Archive for July, 2015

Girl’s Weekend (With Puffins, et als)

The Atlantic Puffin (Fratercula arctica).  It's hard not to anthropomorphize this bird.  Flying football or Clown of the Sea; they are endearing.

The Atlantic Puffin (Fratercula arctica). It’s hard not to anthropomorphize this bird. Flying Football or Clown of the Sea; they are endearing.

I got together with three bird banding friends for a girl’s weekend, leaving husbands, children and pets to fend for themselves while we birded north coastal Maine.  Our ringleader had arranged for us to visit Machias Seal Island, a sanctuary for nesting Atlantic Puffins, Razorbills, Common Murres, Arctic Terns, Common Eiders and Savannah Sparrows.  This proved to be the very most fun of our very fun weekend.

I loved the Puffins but the Common Murres really fascinated me.  I've  not had many opportunities to see them and they've only been breeding here for a few years.  About 10% of the birds we saw were

I loved the Puffins but the Common Murres really fascinated me. I’ve not had many opportunities to see them and they’ve only been breeding here for a few years. About 10% of the birds we saw were “Bridled” having the white eye ring and streak. The non-bridled birds had a crease there, but no white feathering.
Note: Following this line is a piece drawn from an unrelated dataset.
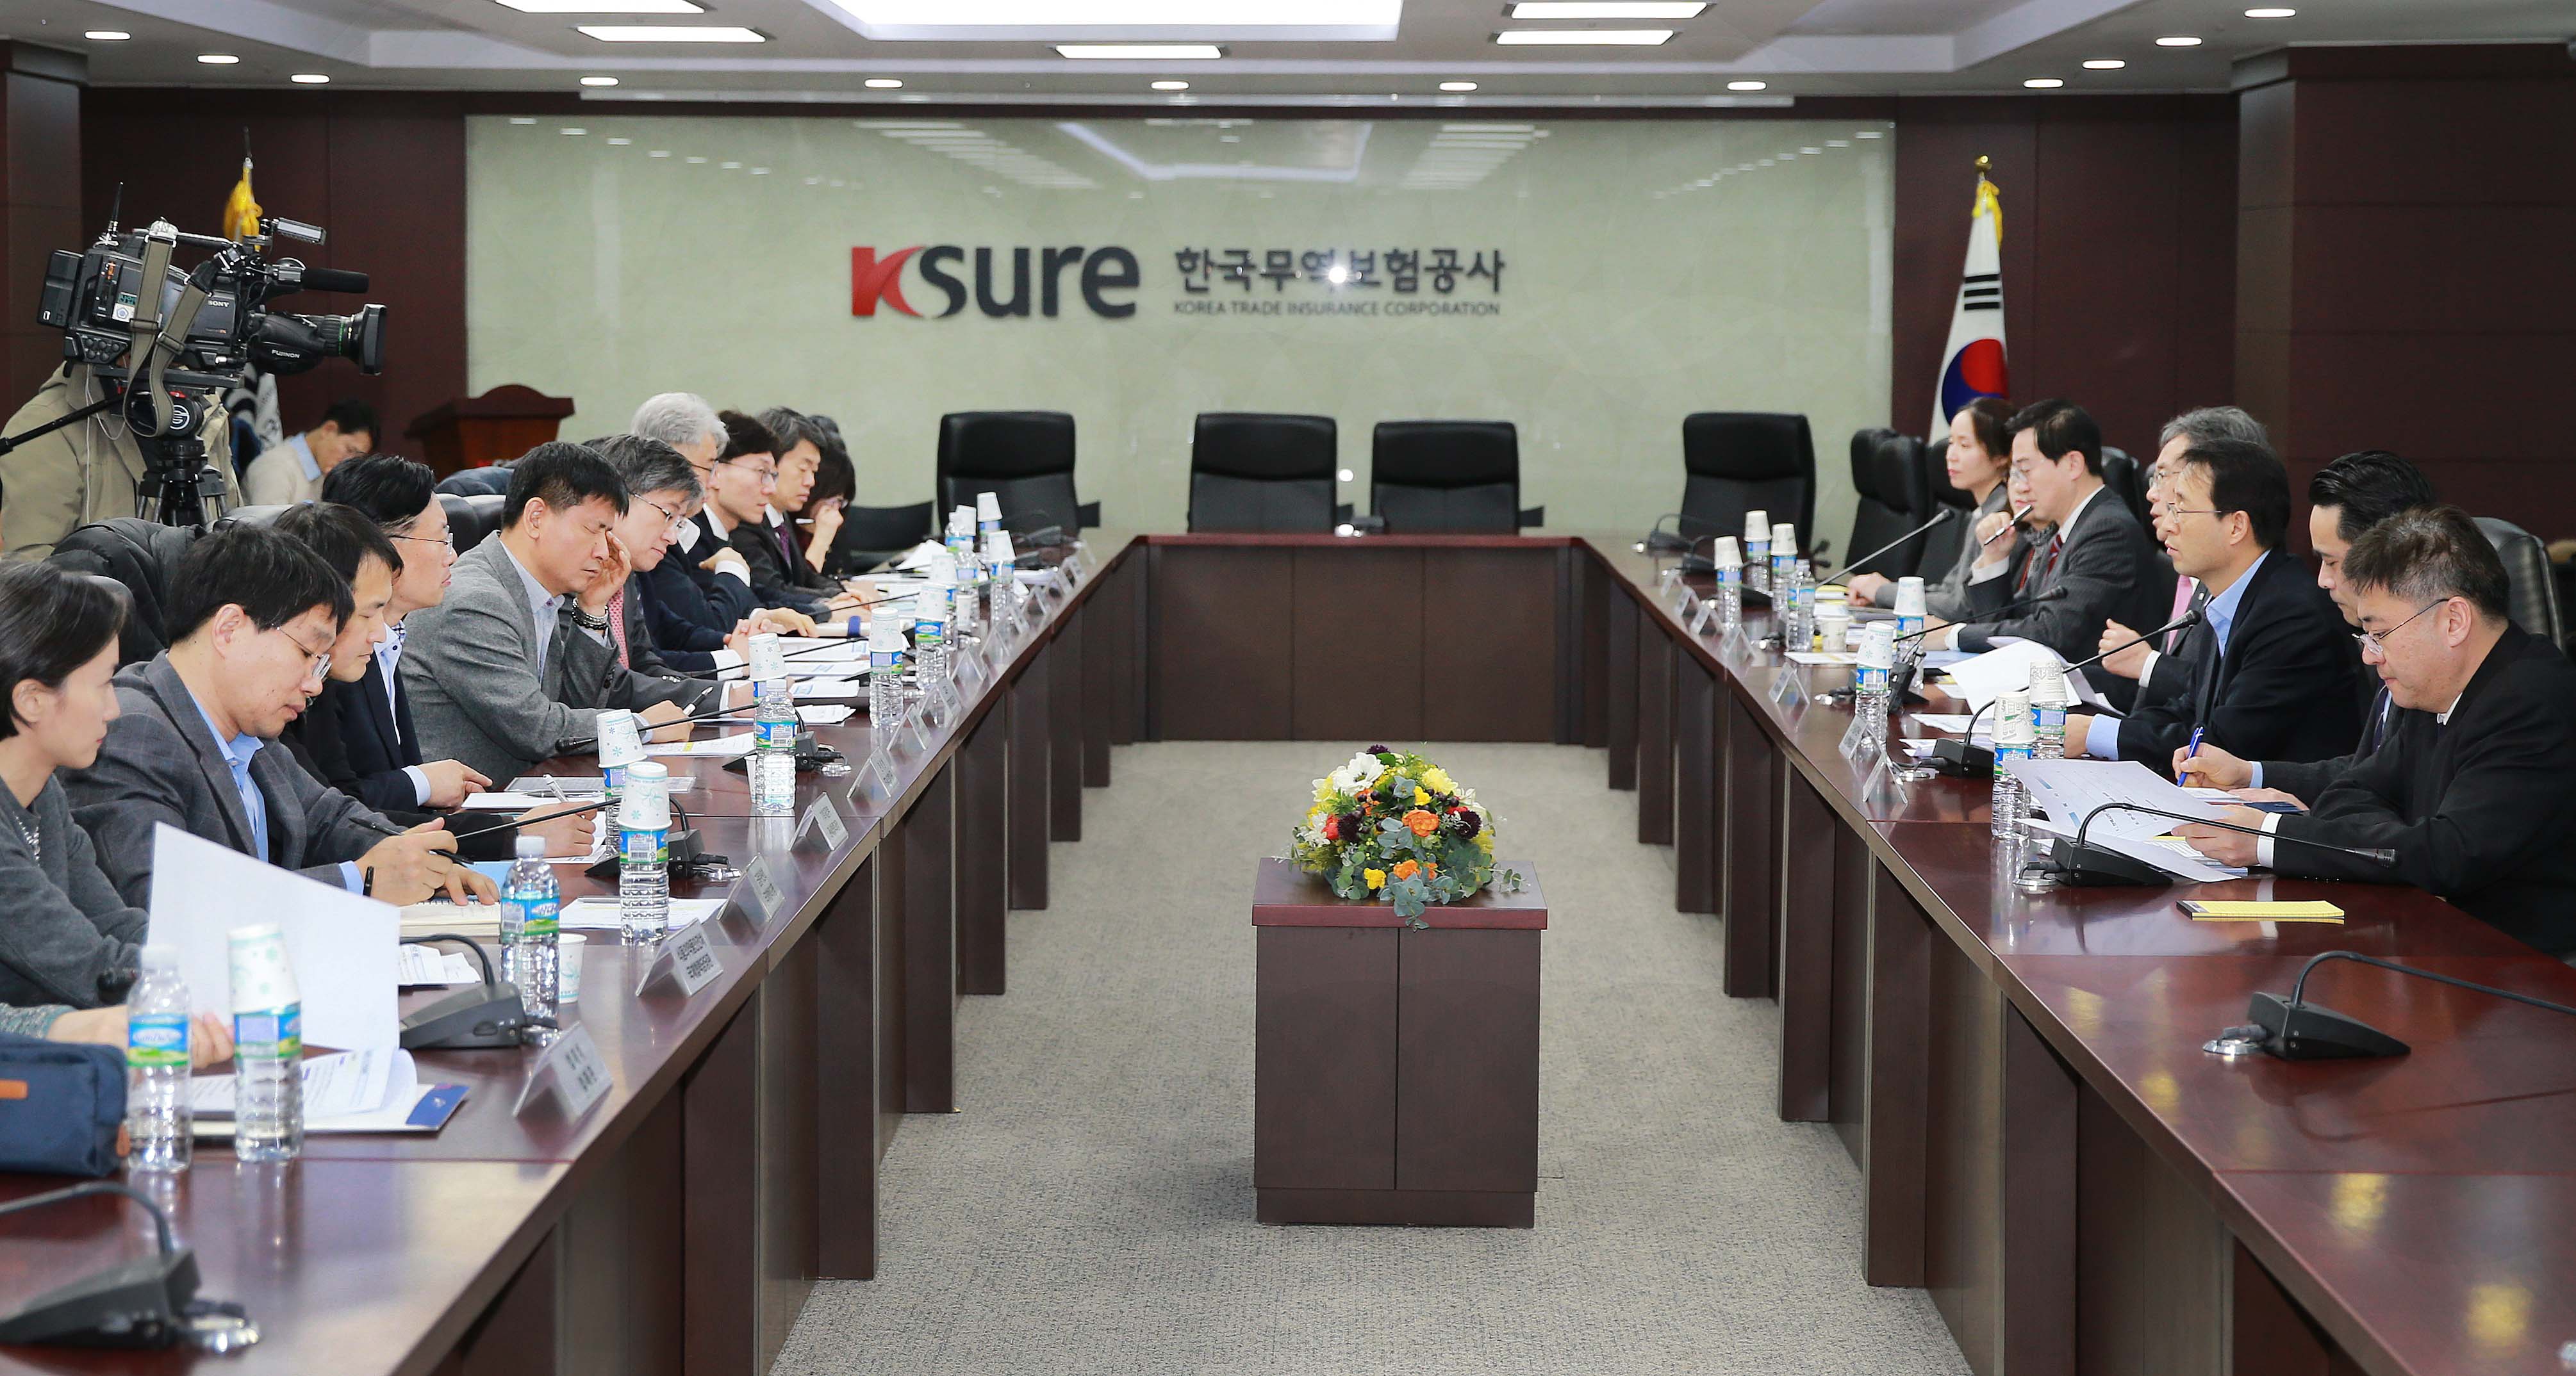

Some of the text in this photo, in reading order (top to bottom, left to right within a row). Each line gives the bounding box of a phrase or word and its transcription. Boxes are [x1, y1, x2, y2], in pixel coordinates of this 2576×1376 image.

[1175, 247, 1505, 294] 한국무역보험공사
[1174, 302, 1500, 315] KOREA TRADE INSURANCE CORPORATION
[272, 349, 301, 359] FUJINON
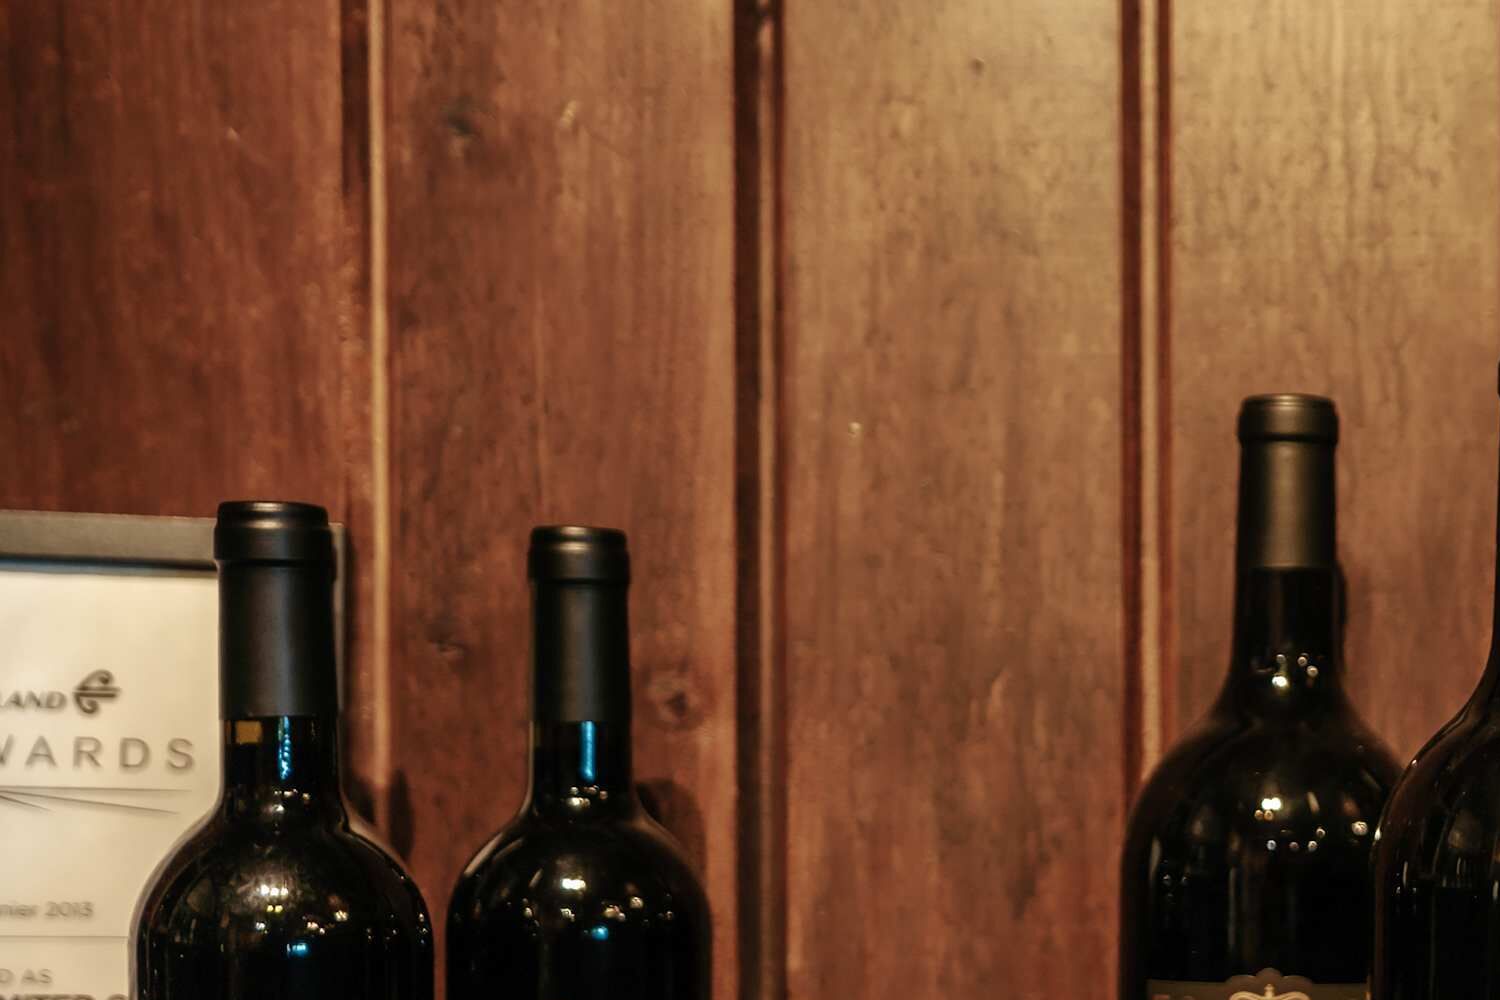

Due to the restrictions on visitors (only 15 people at a time) and the popularity of the trip, she had made our reservations several months earlier.  A little risky, but the day was as calm as our Captain Andy had seen all year and the sky was clear.  We set out from Cutler, Maine for the 10 mile trip to the island.  Its ownership is in dispute between the US and Canada but no one asked for our passports, so not a problem for us.  We had a brief orientation next to nesting Arctic Terns and then were taken to blinds in the midst of all the thousands of birds.  The next hour was heaven.  The birds were so close we could almost touch them.  What a thrill to see them going about their daily interactions, oblivious of us, lurking in the blind.  We saw birds enter burrows from time to time but they spent most of the time just loafing on the rocks, seeming to chat with their neighbors.

Razorbills:  I had a chance to see the lovely white markings at close hand.  What a delight!

Razorbills: I had a chance to see the lovely white markings at close hand. What a delight!

This is a trip every birder should consider.  The birds seemed undisturbed by our presence and it was a rare opportunity for a glimpse into their lives without disrupting them.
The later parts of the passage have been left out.